Beigbeder a vraiment écrit ce livre comme un publicitaire : il n'a pas fait des phrases, mais des slogans. Des phrases courtes, pleines d'assonances, de rimes, de jeux de mots, des phrases qui claquent. « Caméléon camé », « Les amants sont des aimants », « un baiser est parfois mieux que baiser » et autres trouvailles toutes aussi gigantesques... Un style vif comme un spot publicitaire, qui ne nécessite presque aucun effort de concentration. Bref, 99F se lit comme on regarde la télé. Le style est redondant : on joue beaucoup sur les répétitions, les successions fleuves d'idées, les énumérations fracassantes. Beigbeder (ou plutôt Octave) nous inonde de références : « Le poumon est l'organe le plus romantique : tous les amants attrapent la tuberculose ; ce n'est pas un hasard si c'est de cette maladie que Tchekhov, D.H. Lawrence, Frédéric Chopin, George Orwell et sainte Thérèse de Lisieux sont morts ; quant à Camus, Moravia, Boudard, Selby, Marie Bashkirtseff et Katherine Mansfield, auraient-ils écrit les mêmes livres sans cette infection ? ». Dans le genre « j'ai plus de mille bios dans ma base de données cérébrale », 99F se place là. Il serait intéressant de savoir si Beigbeder est un fan de la recherche documentaire ou juste un amoureux de la confiture...
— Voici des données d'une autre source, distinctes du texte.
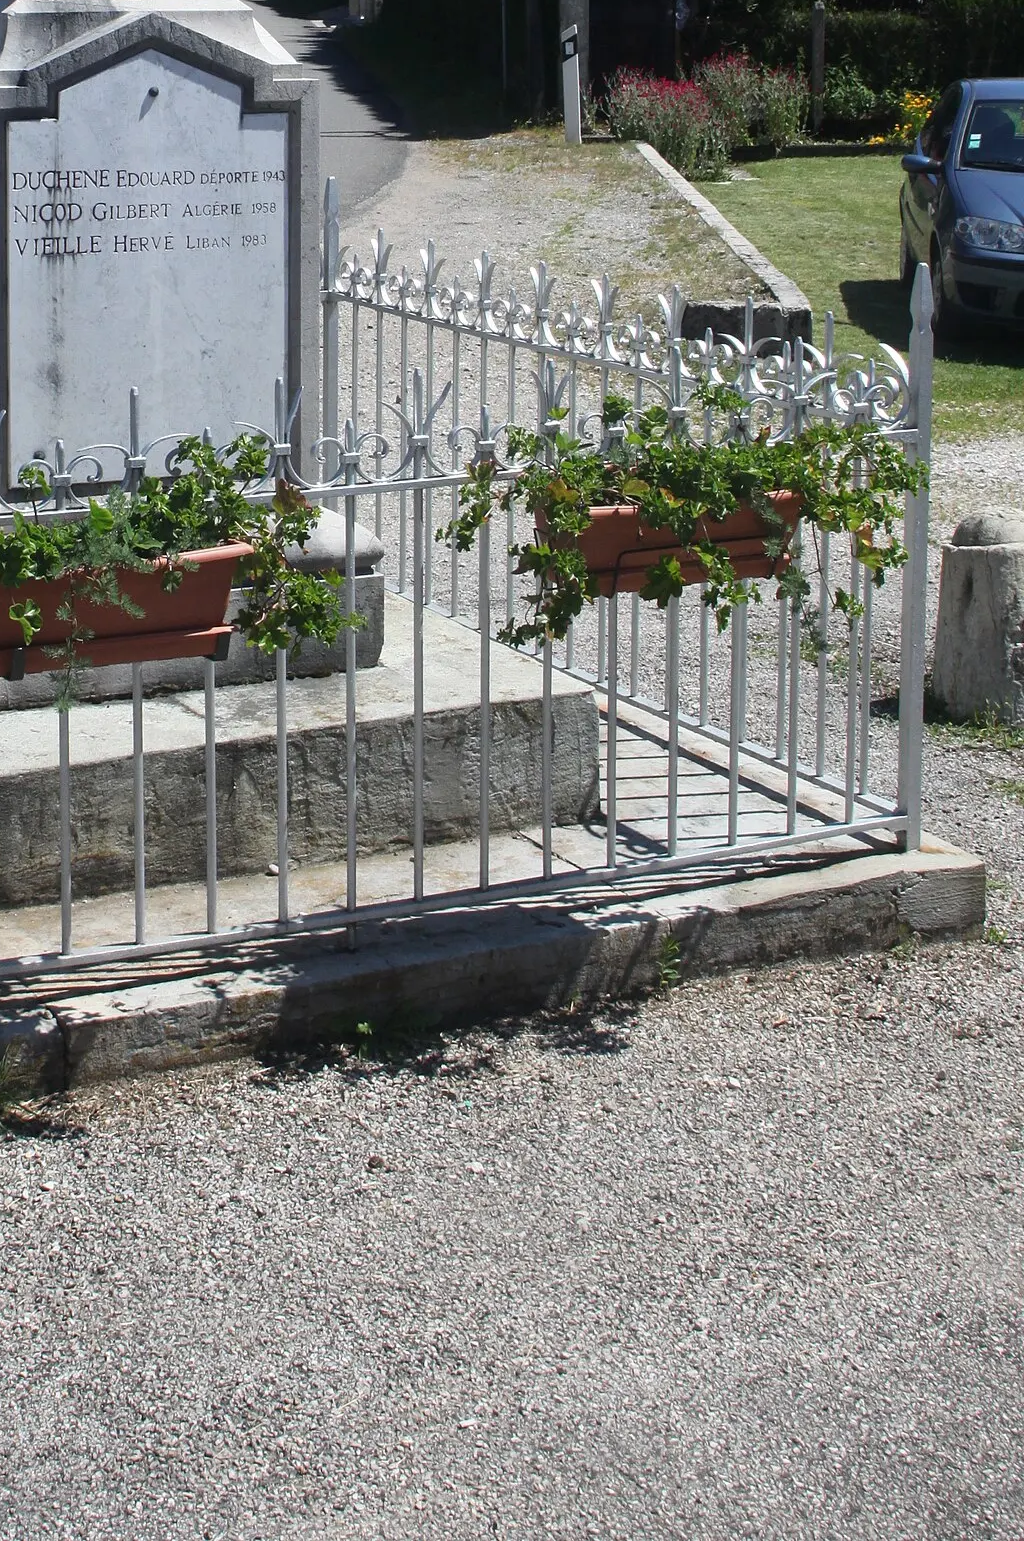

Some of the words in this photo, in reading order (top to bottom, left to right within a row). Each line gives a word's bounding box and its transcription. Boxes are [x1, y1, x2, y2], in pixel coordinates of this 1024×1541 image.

[12, 169, 110, 190] DUCHENE
[116, 169, 195, 188] EDOUARD
[262, 170, 286, 182] 1943
[14, 202, 83, 223] NICOD
[92, 202, 172, 221] GILBERT
[182, 201, 242, 218] ALGÉRIE
[251, 202, 277, 214] 1958
[15, 235, 102, 257] VIEILLE
[113, 232, 174, 254] HERVÉ
[186, 235, 231, 250] LIBAN
[241, 234, 267, 248] 1983
J'en entends d'ici brailler : « mais mon pauvre vieux, t'as rien compris au bouquin ». Ouais, ouais. D'accord, Beigbeder n'est pas Octave. Cependant, je n'ai pas aperçu la moindre lueur de mise en abyme du personnage, de contre-critique. 99F, c'est Octave. Et Octave, c'est un révolutionnaire en cachemire, un « anar-bobo » pour reprendre l'expression d'un collègue Krineinien. Jusque là, rien d'inacceptable. Mais cet anar-bobo n'a absolument aucun charisme, ni aucune analyse, au-delà de la poudre qu'il nous envoie aux yeux. Pas de quoi, donc, s'émerveiller, et surtout, pas de quoi réfléchir.